### Exercise aim
Retype all the data word for word.

### Provided information
=-=-=
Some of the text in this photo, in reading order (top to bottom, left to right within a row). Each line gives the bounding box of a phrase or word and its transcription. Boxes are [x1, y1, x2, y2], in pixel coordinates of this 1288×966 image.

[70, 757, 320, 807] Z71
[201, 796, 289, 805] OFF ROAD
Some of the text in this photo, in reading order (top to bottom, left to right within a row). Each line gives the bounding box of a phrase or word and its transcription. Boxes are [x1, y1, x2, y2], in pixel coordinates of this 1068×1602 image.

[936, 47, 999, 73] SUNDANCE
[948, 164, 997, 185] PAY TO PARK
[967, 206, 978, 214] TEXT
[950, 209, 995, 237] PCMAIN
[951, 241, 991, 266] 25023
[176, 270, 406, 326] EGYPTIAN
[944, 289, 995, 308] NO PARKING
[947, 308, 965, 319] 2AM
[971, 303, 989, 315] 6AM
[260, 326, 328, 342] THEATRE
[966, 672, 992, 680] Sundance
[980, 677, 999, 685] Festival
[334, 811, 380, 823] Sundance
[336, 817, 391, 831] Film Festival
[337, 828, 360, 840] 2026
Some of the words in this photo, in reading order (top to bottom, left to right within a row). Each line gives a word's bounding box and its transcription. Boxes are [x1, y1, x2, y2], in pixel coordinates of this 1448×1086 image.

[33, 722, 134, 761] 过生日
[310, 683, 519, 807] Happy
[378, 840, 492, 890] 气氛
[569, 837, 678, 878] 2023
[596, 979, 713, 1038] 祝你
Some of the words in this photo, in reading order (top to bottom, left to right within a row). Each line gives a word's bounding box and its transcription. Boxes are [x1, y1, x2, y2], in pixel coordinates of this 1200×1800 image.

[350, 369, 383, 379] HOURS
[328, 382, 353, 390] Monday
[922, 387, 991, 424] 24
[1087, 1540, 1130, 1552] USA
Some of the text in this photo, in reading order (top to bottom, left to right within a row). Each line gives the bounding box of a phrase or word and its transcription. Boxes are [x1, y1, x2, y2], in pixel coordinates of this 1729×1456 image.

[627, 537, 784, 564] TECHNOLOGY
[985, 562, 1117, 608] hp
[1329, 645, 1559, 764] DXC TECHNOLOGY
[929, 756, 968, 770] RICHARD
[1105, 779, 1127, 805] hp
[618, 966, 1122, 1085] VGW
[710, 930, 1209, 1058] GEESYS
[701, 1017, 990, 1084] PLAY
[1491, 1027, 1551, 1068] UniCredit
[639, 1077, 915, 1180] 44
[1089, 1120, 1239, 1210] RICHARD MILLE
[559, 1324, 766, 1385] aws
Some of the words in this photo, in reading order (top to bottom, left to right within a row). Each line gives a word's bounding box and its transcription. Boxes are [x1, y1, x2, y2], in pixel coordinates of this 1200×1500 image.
=-=-=
### Response below
Some of the text in this photo, in reading order (top to bottom, left to right within a row). Each line gives the bounding box of a phrase or word and its transcription. Boxes are [x1, y1, x2, y2], in pixel coordinates of this 1288×966 image.

[70, 757, 320, 807] Z71
[201, 796, 289, 805] OFF ROAD
Some of the text in this photo, in reading order (top to bottom, left to right within a row). Each line gives the bounding box of a phrase or word and its transcription. Boxes are [x1, y1, x2, y2], in pixel coordinates of this 1068×1602 image.

[936, 47, 999, 73] SUNDANCE
[948, 164, 997, 185] PAY TO PARK
[967, 206, 978, 214] TEXT
[950, 209, 995, 237] PCMAIN
[951, 241, 991, 266] 25023
[176, 270, 406, 326] EGYPTIAN
[944, 289, 995, 308] NO PARKING
[947, 308, 965, 319] 2AM
[971, 303, 989, 315] 6AM
[260, 326, 328, 342] THEATRE
[966, 672, 992, 680] Sundance
[980, 677, 999, 685] Festival
[334, 811, 380, 823] Sundance
[336, 817, 391, 831] Film Festival
[337, 828, 360, 840] 2026
Some of the words in this photo, in reading order (top to bottom, left to right within a row). Each line gives a word's bounding box and its transcription. Boxes are [x1, y1, x2, y2], in pixel coordinates of this 1448×1086 image.

[33, 722, 134, 761] 过生日
[310, 683, 519, 807] Happy
[378, 840, 492, 890] 气氛
[569, 837, 678, 878] 2023
[596, 979, 713, 1038] 祝你
Some of the words in this photo, in reading order (top to bottom, left to right within a row). Each line gives a word's bounding box and its transcription. Boxes are [x1, y1, x2, y2], in pixel coordinates of this 1200×1800 image.

[350, 369, 383, 379] HOURS
[328, 382, 353, 390] Monday
[922, 387, 991, 424] 24
[1087, 1540, 1130, 1552] USA
Some of the text in this photo, in reading order (top to bottom, left to right within a row). Each line gives the bounding box of a phrase or word and its transcription. Boxes are [x1, y1, x2, y2], in pixel coordinates of this 1729×1456 image.

[627, 537, 784, 564] TECHNOLOGY
[985, 562, 1117, 608] hp
[1329, 645, 1559, 764] DXC TECHNOLOGY
[929, 756, 968, 770] RICHARD
[1105, 779, 1127, 805] hp
[618, 966, 1122, 1085] VGW
[710, 930, 1209, 1058] GEESYS
[701, 1017, 990, 1084] PLAY
[1491, 1027, 1551, 1068] UniCredit
[639, 1077, 915, 1180] 44
[1089, 1120, 1239, 1210] RICHARD MILLE
[559, 1324, 766, 1385] aws
Some of the words in this photo, in reading order (top to bottom, left to right within a row). Each line gives a word's bounding box and its transcription. Boxes are [x1, y1, x2, y2], in pixel coordinates of this 1200×1500 image.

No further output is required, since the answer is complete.